Problem to solve:
If a record contains a picture, leave the picture out and reproduce everything else exactly.

Exercise data:
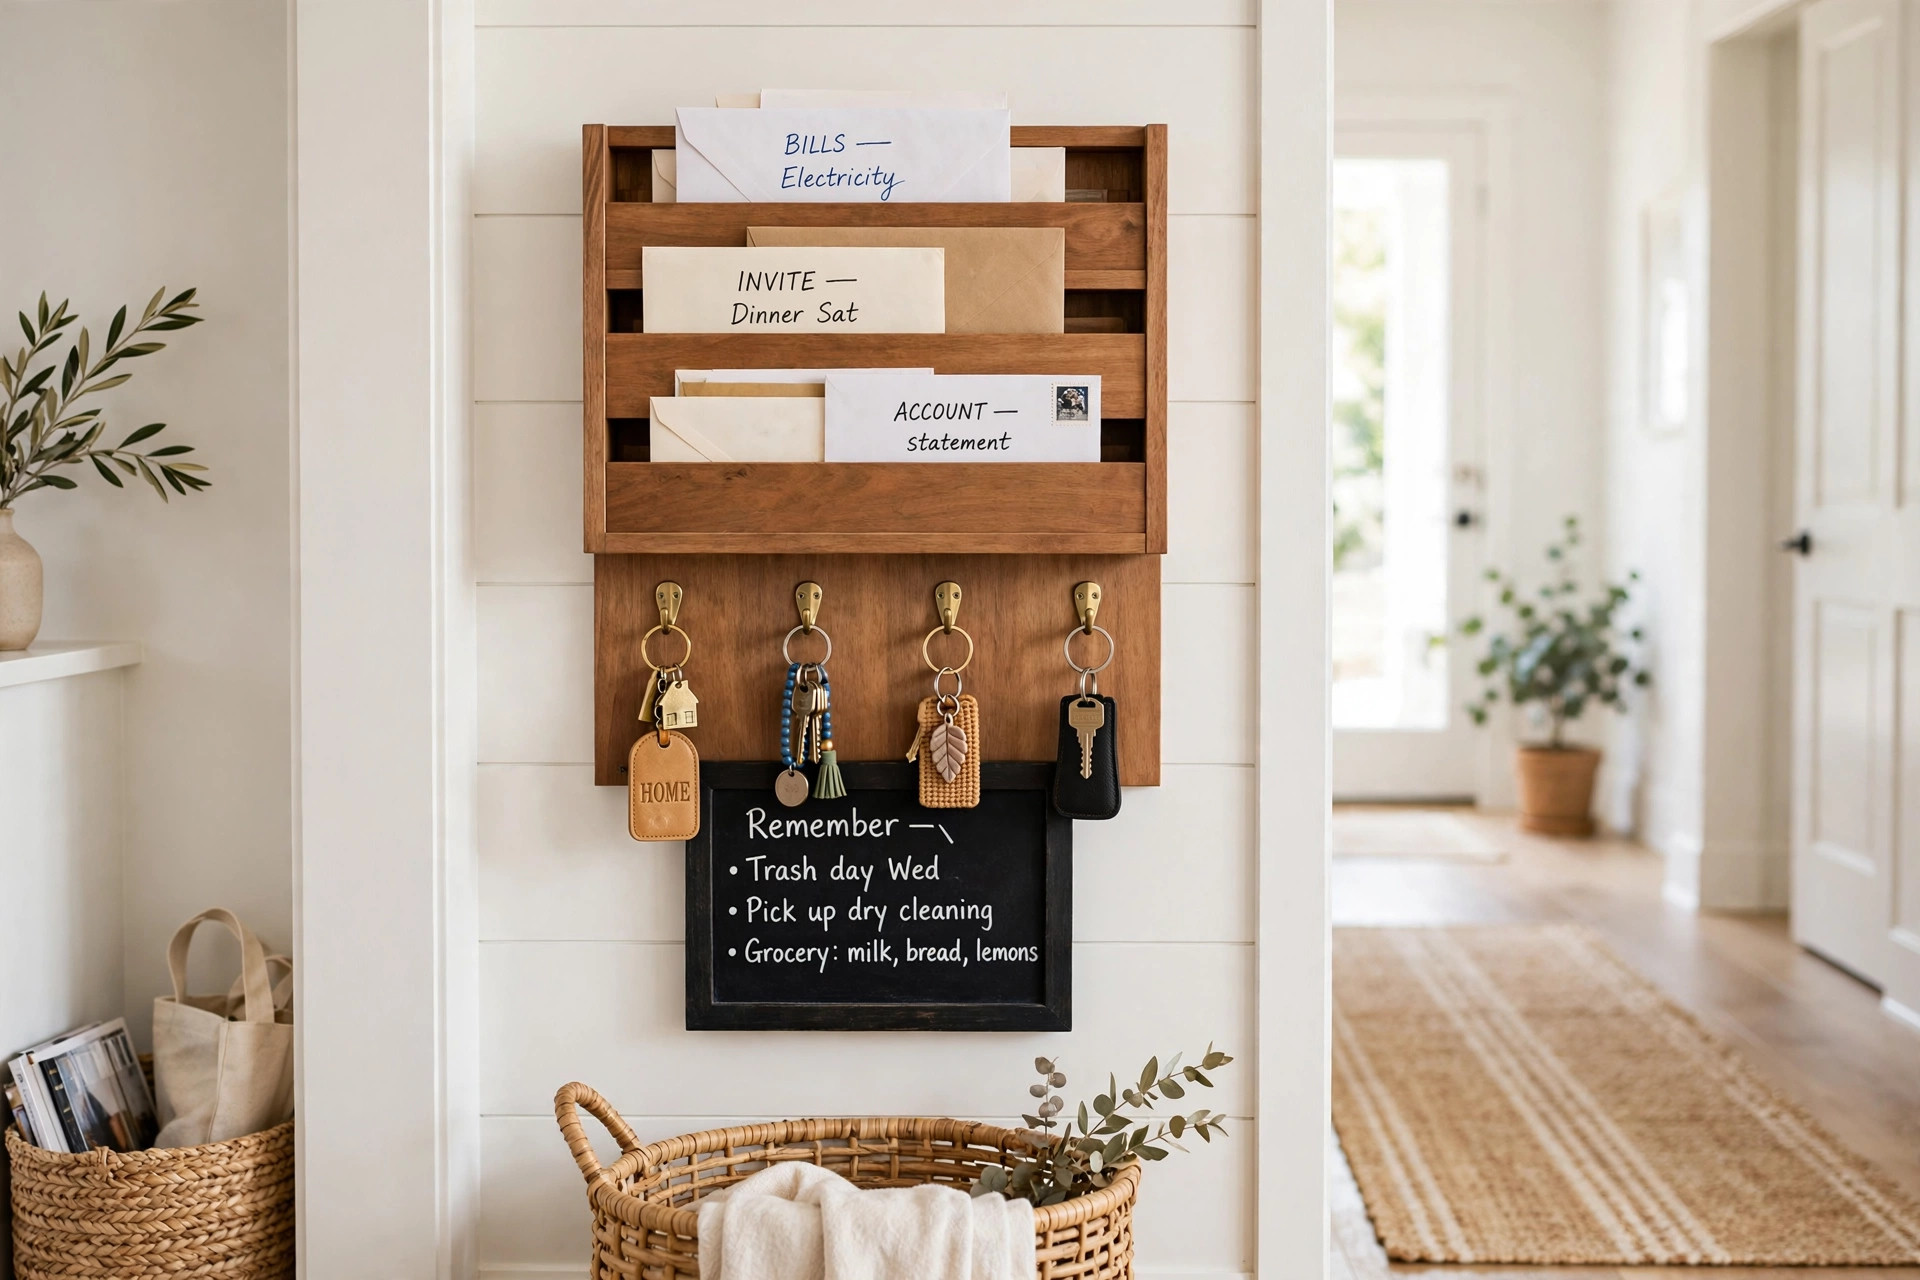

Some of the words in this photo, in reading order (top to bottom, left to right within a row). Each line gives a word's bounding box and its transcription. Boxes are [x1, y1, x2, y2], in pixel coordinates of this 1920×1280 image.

[784, 132, 846, 156] BILLS
[780, 165, 905, 201] Electricity
[737, 270, 817, 292] INVITE
[730, 302, 805, 326] Dinner
[816, 301, 860, 324] Sat
[893, 400, 988, 422] ACCOUNT
[906, 431, 1013, 452] statement
[640, 781, 690, 803] HOME
[745, 807, 900, 840] Remember
[745, 854, 817, 882] Trash
[830, 854, 874, 893] day
[887, 854, 940, 881] Wed
[746, 895, 797, 923] Pick
[808, 905, 836, 932] up
[848, 895, 888, 933] dry
[899, 895, 993, 932] cleaning
[744, 937, 838, 974] Grocery:
[847, 938, 899, 968] milk,
[906, 937, 969, 968] bread,
[976, 937, 1039, 963] lemons

Response to the exercise:
Some of the words in this photo, in reading order (top to bottom, left to right within a row). Each line gives a word's bounding box and its transcription. Boxes are [x1, y1, x2, y2], in pixel coordinates of this 1920×1280 image.

[784, 132, 846, 156] BILLS
[780, 165, 905, 201] Electricity
[737, 270, 817, 292] INVITE
[730, 302, 805, 326] Dinner
[816, 301, 860, 324] Sat
[893, 400, 988, 422] ACCOUNT
[906, 431, 1013, 452] statement
[640, 781, 690, 803] HOME
[745, 807, 900, 840] Remember
[745, 854, 817, 882] Trash
[830, 854, 874, 893] day
[887, 854, 940, 881] Wed
[746, 895, 797, 923] Pick
[808, 905, 836, 932] up
[848, 895, 888, 933] dry
[899, 895, 993, 932] cleaning
[744, 937, 838, 974] Grocery:
[847, 938, 899, 968] milk,
[906, 937, 969, 968] bread,
[976, 937, 1039, 963] lemons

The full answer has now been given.